I have two unrelated feature requests:

  1. This one may seem odd, and it only would work on the present product line if the USB port supports connecting to USB devices through USB hubs if one needs to support this plus USB modem fallback. But I’d like to see support added for hardware keys like Yubikey’s. Discover YubiKeys | Strong Two-Factor Authentication for Secure Login
    In other words, require a hardware token to be plugged into the router’s USB port in order to login for administration purposes. It would be a cheap way to add another level of security. Whether admins leave the token plugged in all of the time, or don’t, is their business. But it might be one way of requiring the admin mucking with the router to be physically at the router’s location. Which might be valuable for some people.

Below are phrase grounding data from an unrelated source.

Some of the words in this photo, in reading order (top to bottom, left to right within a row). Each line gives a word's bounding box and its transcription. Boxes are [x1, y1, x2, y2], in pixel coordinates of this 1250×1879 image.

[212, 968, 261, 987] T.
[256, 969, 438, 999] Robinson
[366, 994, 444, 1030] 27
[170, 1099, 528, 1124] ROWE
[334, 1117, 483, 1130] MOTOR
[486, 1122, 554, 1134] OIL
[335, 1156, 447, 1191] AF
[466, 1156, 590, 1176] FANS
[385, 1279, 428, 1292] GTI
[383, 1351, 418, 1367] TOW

It certainly would be a unique feature, as near as I can tell.

Anyway, worth thinking about.

  1. The other request, which would be of use to me now, is to extend the “Internal Network Firewall Rules” (Advanced –> Firewall –> Access Rules) to NOT be limited to transitions between VLANS. Right now, these rules only seem to be active for internal traffic between VLANS. I would like to see these rules also be enforced (or allow it optionally be enforced with a checkbox?) between devices on the same VLAN.
2

Hi,

  1. Hardware Two Factor Authentication is an interesting idea but it kinda goes against the trend of easy remote management using a centralised service - so unlikely to be something we’d consider. We do support two factor authentication on InControl though, and local device admin accounts can be authenticated against an enterprise radius server currently - so perhaps we could consider 2FA for local device logon in the future if that was a popular requirement.

  2. Firewall rules between devices on the same vlan is not really practical - especially when the peplink isn’t the only device that is presenting the vlan to the end devices (such as an additional managed switch), since the network traffic flowing between the two devices in question wouldn’t come anywhere near the Peplink and would instead flow directly between the endpoints. If you want to restrict traffic flow between two devices they need to be in their own vlans or firewall rules need to be in place on the client end points themselves.

1 Like
3

Motion to vote for yubikey support? Moved and seconded!

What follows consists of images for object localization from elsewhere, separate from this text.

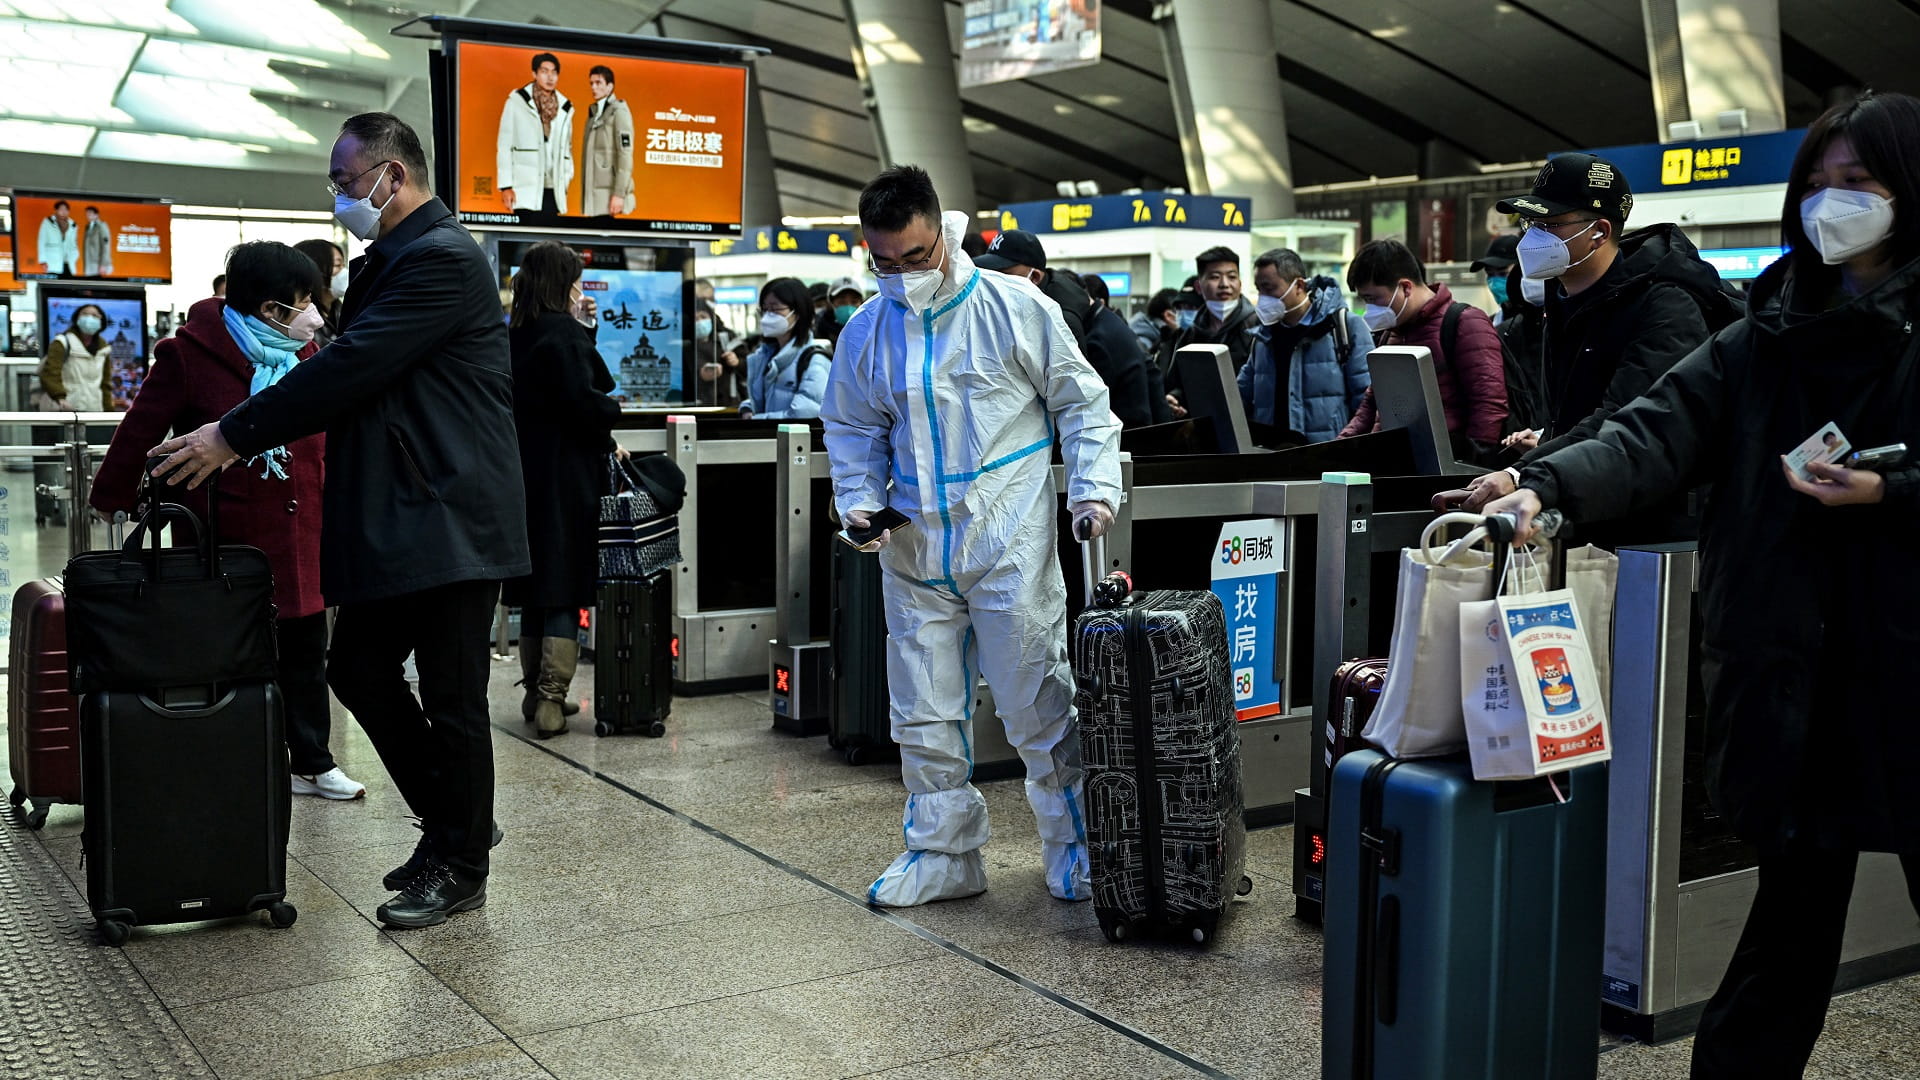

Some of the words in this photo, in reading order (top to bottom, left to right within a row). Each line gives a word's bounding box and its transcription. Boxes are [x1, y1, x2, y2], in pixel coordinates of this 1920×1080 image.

[646, 128, 722, 153] 无惧极寒
[1695, 147, 1741, 169] 检票口
[1132, 199, 1151, 222] 7A
[1164, 199, 1187, 223] 7A
[1222, 203, 1245, 226] 7A
[602, 301, 671, 331] 味道
[1221, 535, 1273, 565] 58同城
[1233, 583, 1259, 663] 找房
[1236, 672, 1251, 694] 58

I also use Yubikey 5’s religiously, and would love to see support for them, both locally as well as in Ic2.

I was hoping for a bit of a different approach for Yubikey login, but highly welcome the aforementioned approach in regards to plugging the Yubikey directly into the router.

The other approach that I would like to see is having to plug in the Yubikey into your computer to verify web interface access log in.

Just adding the Yubico API for One Time Password login (OTP) to the web interface would be a great security upgrade and I don’t think It would be too much work in the development phase. After all, word-press does it with just a simple plug in.

Either way, to emphasize my support for Yubikey, I would just like to point out that Yubico (and their partnership with google) is on the forefront of encryption key technology, and Peplink, is on the forefront of proprietary router/switch technology. I think it would be a great match to show some support for Yubikeys and possibly the brand new Librem Key from Purism.